Nous trouvant à Versailles il y a quelques années, nous eûmes la fantaisie d’aller faire une course à Viroflay, pour y revoir des lieux où nous avions passé des heures si douces, si mélancoliques, si pleines d’espérance et de bonheur ; mais nous avons cherché vainement, et la salle de danse, et le bouquet parfumé. Le tracé du chemin de fer, sur la rive gauche de la Seine, a tout détruit ; un réseau de fonte recouvre la pelouse que nos danseuses effleuraient à peine sous leurs pas capricieux, un vaste atelier de construction occupe la place de notre cher bosquet, de ses fraîches allées, et l’on n’entend plus aujourd’hui que le bruit monotone du marteau retentissant sur l’enclume, dans ces lieux discrets où l’on ne soupirait autrefois que des paroles de mystère et d’amour. L’industrie est certainement une belle et noble chose et nous profitons de ses bienfaits ; mais l’industrie, par malheur, glace et dépoétise tout.

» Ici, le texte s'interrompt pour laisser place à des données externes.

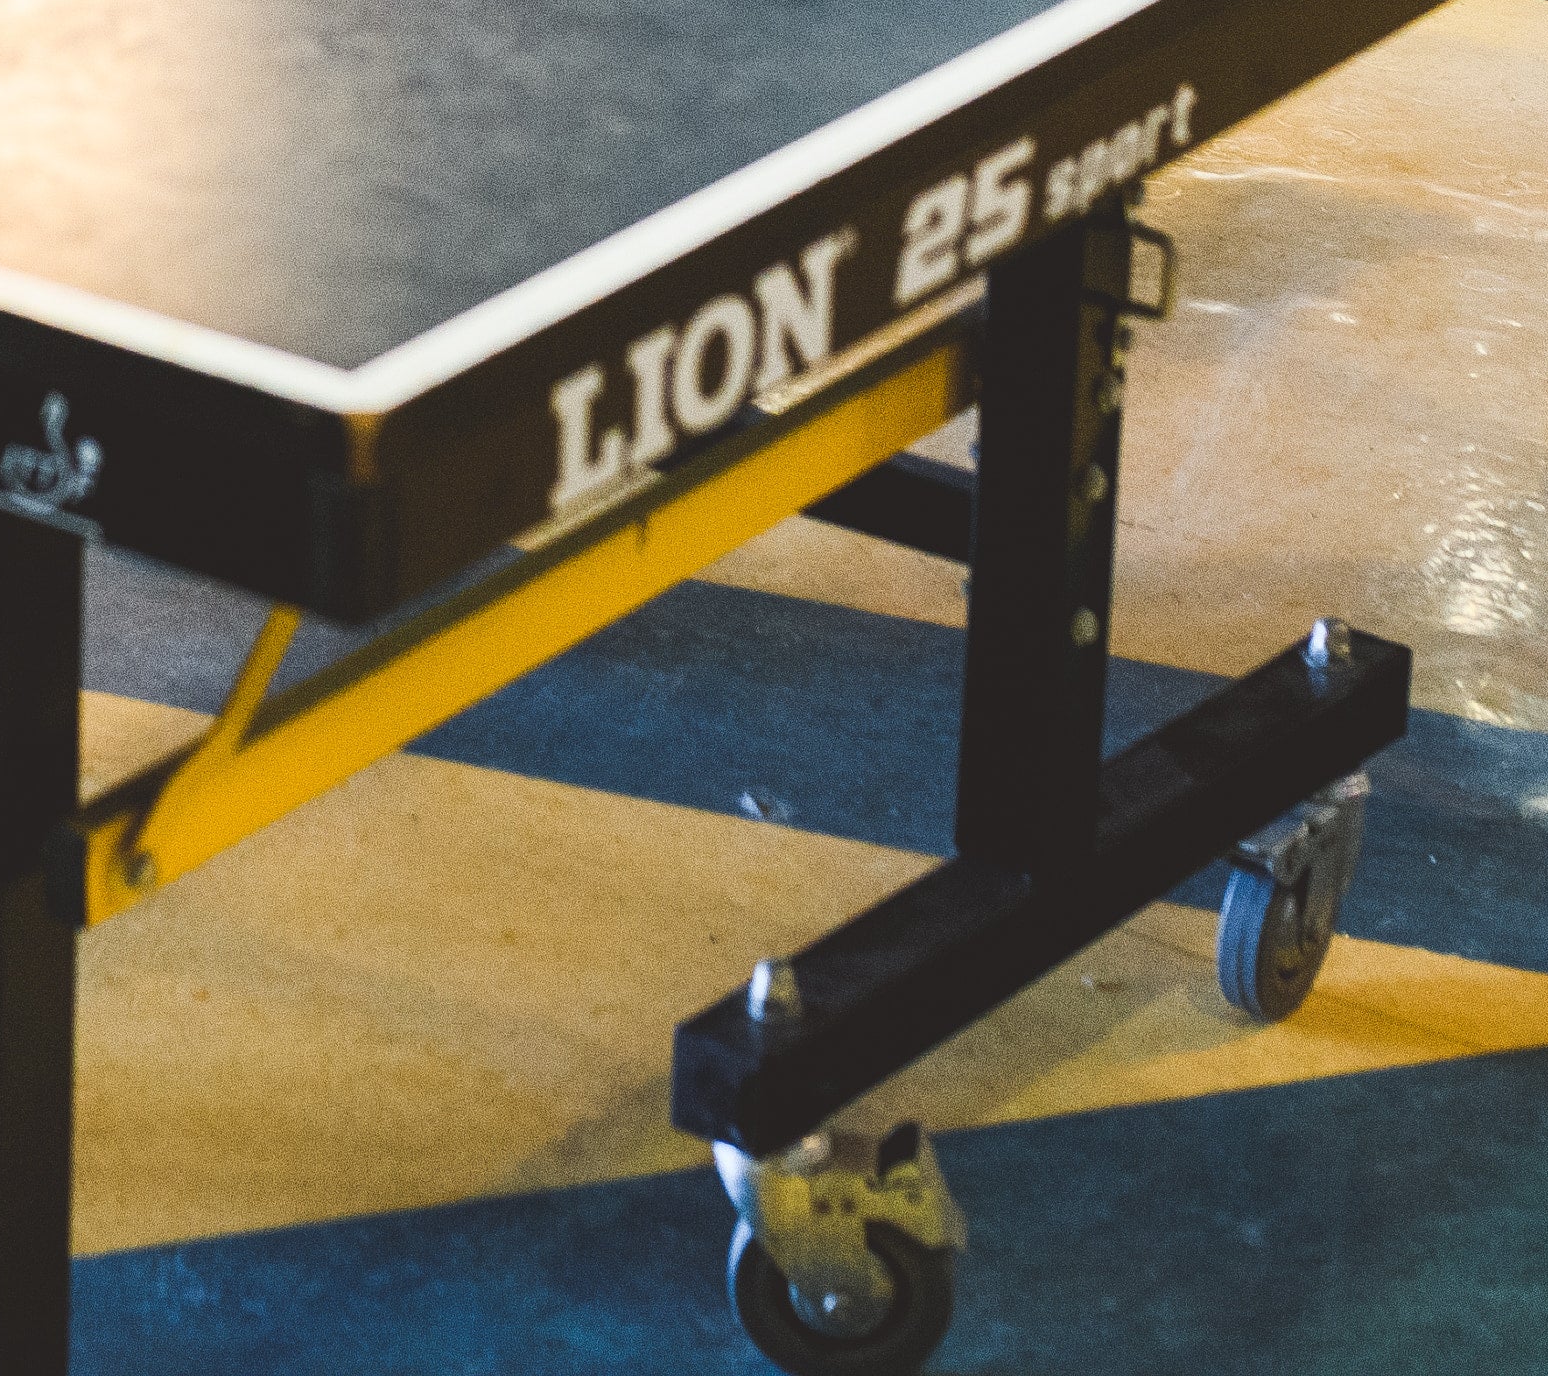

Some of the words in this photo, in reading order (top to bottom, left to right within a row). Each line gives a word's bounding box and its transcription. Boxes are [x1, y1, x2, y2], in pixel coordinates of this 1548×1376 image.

[549, 232, 841, 514] LION
[893, 134, 1038, 305] 25
[1044, 82, 1198, 219] sport

Dans ce beau temps on aimait mieux passer ses soirées dans le salon d’une jolie femme, près d’une table chargée des livres, des gravures à la mode, et entourée de vases remplis de fleurs parfumées, que d’aller au café faire avec quelques camarades une causerie saugrenue, un cigare ou une pipe à la bouche, en face d’un arsenal de cruchons débouchés ou d’un bol de punch à la flamme pétillante.

Mon préfet avait l’habitude, chaque fois que des grands acteurs du Théâtre-Français venaient donner une représentation à Versailles, de les inviter à dîner. Cette politesse était d’autant mieux appréciée par ceux qui en étaient l’objet, qu’à cette époque, la Restauration semblait vouloir rappeler ou plutôt ressusciter, à l’égard des comédiens, de faux et gothiques préjugés. Talma vint dîner un jour de 1816 avec Mlle Duchesnois.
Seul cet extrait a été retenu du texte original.